Attorney: Marine to plead insanity 

Iraq veteran Cpl. Yodi Shembo, who allegedly beat a police officer at San Francisco International Airport in 2006, was not sane during the assault, according to two doctors who evaluated the Marine recently.

On Oct. 11, 2006, Shembo, 25, was allegedly "yelling at passengers, demanding a pen and pushing other Marines away from himself," at the airport when police confronted him, according to prosecutors. Shembo allegedly took a baton from a police officer’s hands and began beating the officer before being subdued by airport police.

Geoff Carr, Shembo’s attorney, said his client had limited recollection of the incident, adding that Shembo was later surprised to learn what he had done.

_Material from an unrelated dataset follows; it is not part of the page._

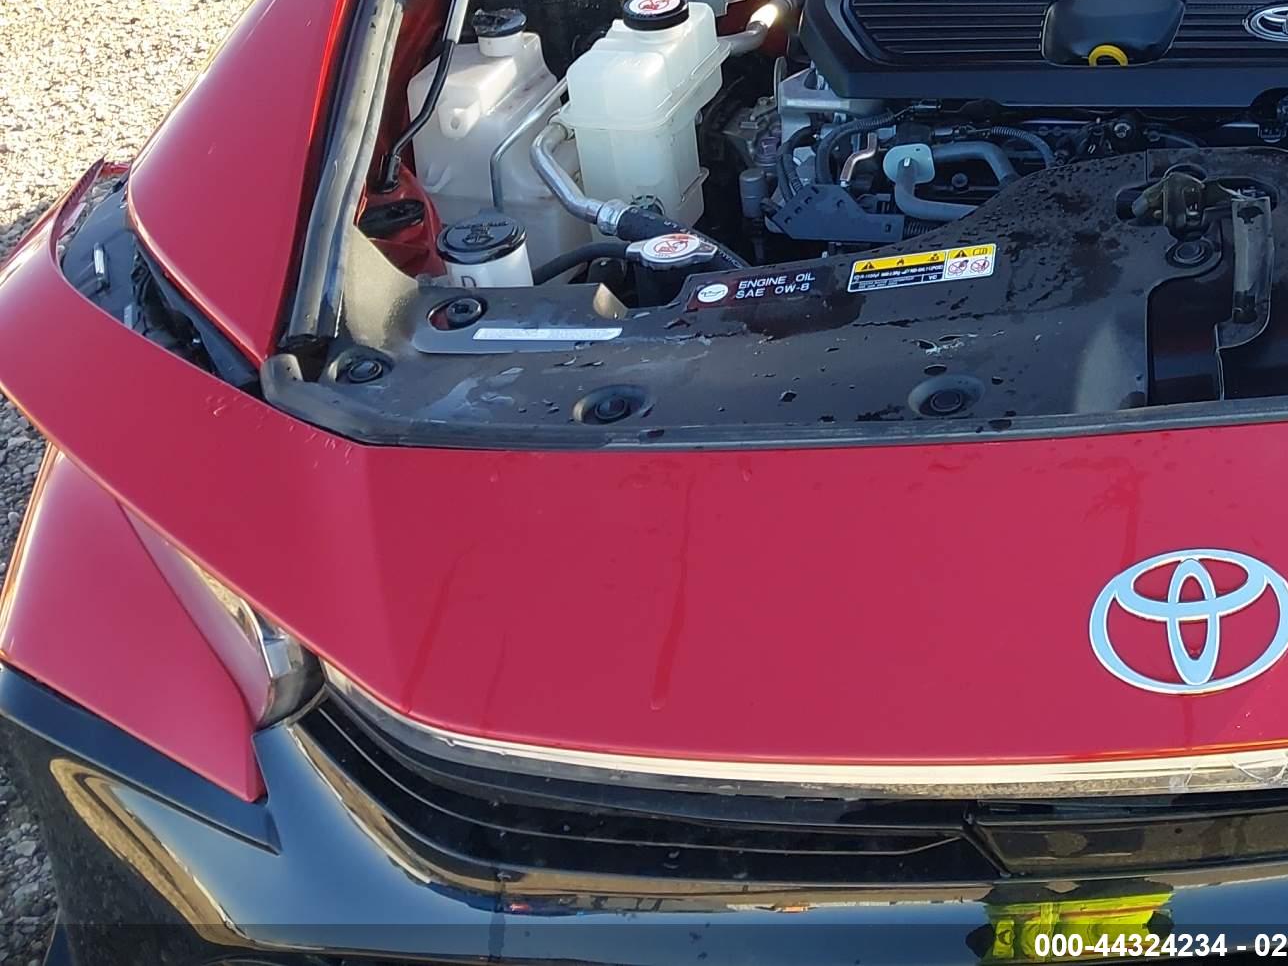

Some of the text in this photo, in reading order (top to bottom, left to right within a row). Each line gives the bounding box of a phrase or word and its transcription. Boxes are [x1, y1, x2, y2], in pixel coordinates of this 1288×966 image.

[738, 272, 816, 290] ENGINE OIL
[735, 282, 810, 299] SAE 0W-8

"He remembers being confronted by people and not being sure if they were policemen. He remembers a fight that ensued and that’s about it," he said.

The independent reports by Dr. Jeff Weiner and Dr. George Wilkinson will say that post-traumatic stress disorder played a role in Shembo’s outburst, Carr said. He said news of his mother’s illness and news that a close friend was killed in Iraq compounded Shembo’s situation, which led to hallucinations at the airport.

Carr, who will seek a verdict of not guilty by reason of insanity, said the doctors’ reports will state that Shembo "did not know right from wrong." Shembo will be in court Friday, when the reports are set to be submitted in court.

Shembo is charged with felony assault with a deadly weapon on a peace officer, said Deputy District Attorney Chris Feasel. He has posted $100,000 bail and is still serving in the Marines, stationed at Balboa Hospital in San Diego.

"The officer had a broken nose, various bumps and bruises, and an injury to his back," Feasel said. "It was at the airport, so I’d imagine there was a pretty good crowd watching and we do have several independent witnesses."

Though Shembo has served in Iraq, he was stationed in Japan in the months leading up to the October incident. He flew to his home on the East Coast after learning his mother was diagnosed with breast cancer, Carr said. He was on his way to Japan with a layover in San Francisco when hallucinations set in. Shembo is now taking medication, Carr said.

Post-traumatic stress disorder may take weeks to develop after exposure to traumatic events, according to Kerri Childress, a spokeswoman for VA Palo Alto Health Care System and the National Center for PTSD.